A preliminary round narrowed the field down to the top 20 teams. It consisted of being presented the case which was about 10 pages of materials including the prompt and a brief background of Ball Corp. and a short timeline of 10 days to create a robust solution in only 10 slides and 750 words that, in theory, could be presented to C-level executives. This was a grueling process but our team was truly proud of our finished result.
After learning we earned a spot in the next round, we traveled to Boulder, CO to compete in the final rounds of competition at the University of Colorado at Boulder. The second round consisted of a 10 minute presentation to a panel of local business leaders and ten days prior to the competition to prepare based on the new prompt. Our new materials offered further detail about the company and a twist to the previous prompt, asking us to also dive deeper into our solution in our presentations. After another grueling preparation, we arrived in Boulder to learn of yet another twist at 10:00pm the night before and proceeded to work until the morning hours perfecting the presentation for the morning.
We found out we made it to the final round of five teams and shortly thereafter learned that we drew the first slot in the final round, meaning that of the final teams we had the least amount of time to make improvements to our morning presentation. Our team saved our most polished presentation for the final and left proud of the result no matter what place we finished.

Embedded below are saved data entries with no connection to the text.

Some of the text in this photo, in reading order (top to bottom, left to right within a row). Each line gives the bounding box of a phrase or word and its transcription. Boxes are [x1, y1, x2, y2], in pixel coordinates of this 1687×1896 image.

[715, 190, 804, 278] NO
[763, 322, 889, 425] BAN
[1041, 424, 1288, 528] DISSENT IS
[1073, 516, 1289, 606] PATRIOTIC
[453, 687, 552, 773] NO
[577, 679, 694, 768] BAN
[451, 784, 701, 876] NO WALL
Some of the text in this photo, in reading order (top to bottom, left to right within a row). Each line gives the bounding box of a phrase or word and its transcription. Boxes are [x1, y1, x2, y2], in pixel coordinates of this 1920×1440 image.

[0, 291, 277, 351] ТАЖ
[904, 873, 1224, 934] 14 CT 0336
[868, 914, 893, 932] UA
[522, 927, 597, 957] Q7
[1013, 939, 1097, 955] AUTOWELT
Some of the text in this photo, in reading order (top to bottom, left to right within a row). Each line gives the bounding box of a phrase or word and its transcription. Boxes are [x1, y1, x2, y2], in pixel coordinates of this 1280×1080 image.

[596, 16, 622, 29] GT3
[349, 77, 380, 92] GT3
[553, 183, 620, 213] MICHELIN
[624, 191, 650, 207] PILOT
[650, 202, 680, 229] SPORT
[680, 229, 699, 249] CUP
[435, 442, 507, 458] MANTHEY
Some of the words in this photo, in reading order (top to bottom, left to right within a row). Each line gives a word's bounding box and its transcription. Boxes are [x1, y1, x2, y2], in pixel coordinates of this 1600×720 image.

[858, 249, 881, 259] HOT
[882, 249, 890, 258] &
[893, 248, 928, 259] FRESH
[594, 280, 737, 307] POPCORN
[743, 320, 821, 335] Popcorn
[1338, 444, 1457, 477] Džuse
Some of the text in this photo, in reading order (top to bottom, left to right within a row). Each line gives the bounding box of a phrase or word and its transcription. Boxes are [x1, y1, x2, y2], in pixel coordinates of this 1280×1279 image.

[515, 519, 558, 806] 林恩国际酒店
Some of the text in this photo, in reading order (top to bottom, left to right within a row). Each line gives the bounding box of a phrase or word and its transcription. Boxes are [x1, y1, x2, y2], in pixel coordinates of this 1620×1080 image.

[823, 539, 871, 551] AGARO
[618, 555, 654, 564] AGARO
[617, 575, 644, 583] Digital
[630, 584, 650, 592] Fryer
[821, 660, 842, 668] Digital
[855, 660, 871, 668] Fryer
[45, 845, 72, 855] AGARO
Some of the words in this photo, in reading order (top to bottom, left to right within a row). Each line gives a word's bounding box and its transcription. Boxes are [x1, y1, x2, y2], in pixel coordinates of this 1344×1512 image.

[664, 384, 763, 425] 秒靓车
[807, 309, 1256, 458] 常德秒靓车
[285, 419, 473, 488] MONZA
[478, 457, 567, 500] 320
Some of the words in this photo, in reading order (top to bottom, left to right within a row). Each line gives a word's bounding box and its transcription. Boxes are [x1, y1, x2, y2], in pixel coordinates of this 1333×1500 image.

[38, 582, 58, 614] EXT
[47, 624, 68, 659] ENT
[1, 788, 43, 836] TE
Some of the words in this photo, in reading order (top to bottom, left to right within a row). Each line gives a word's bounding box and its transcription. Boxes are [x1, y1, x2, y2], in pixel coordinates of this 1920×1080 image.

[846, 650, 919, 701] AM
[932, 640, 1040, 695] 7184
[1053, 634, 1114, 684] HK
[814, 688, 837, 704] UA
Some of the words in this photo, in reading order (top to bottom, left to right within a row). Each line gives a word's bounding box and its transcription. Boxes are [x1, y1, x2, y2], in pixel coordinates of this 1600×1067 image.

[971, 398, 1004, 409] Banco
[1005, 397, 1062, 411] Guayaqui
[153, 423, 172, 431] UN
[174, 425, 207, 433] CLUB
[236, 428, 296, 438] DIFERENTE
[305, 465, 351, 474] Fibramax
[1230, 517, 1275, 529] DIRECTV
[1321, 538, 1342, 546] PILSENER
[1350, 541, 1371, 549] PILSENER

Our team finished in third place and the cash prize awarded to us was just the icing on an amazing experience. We placed higher than any DePaul team had ever placed at this competition and the two teams that beat us were top tier MBA programs, one of them being my alma mater, the University of Southern California. Of the takeaways from this experience, I am most proud of our teamwork and the process we used to achieve our final result. As a team of 4 intelligent, opinionated business professionals we respectfully debated over even the smallest details of our solution until we could all agree on a compromise and be proud of the solution, and the finished result was far better than any of us could achieve on our own.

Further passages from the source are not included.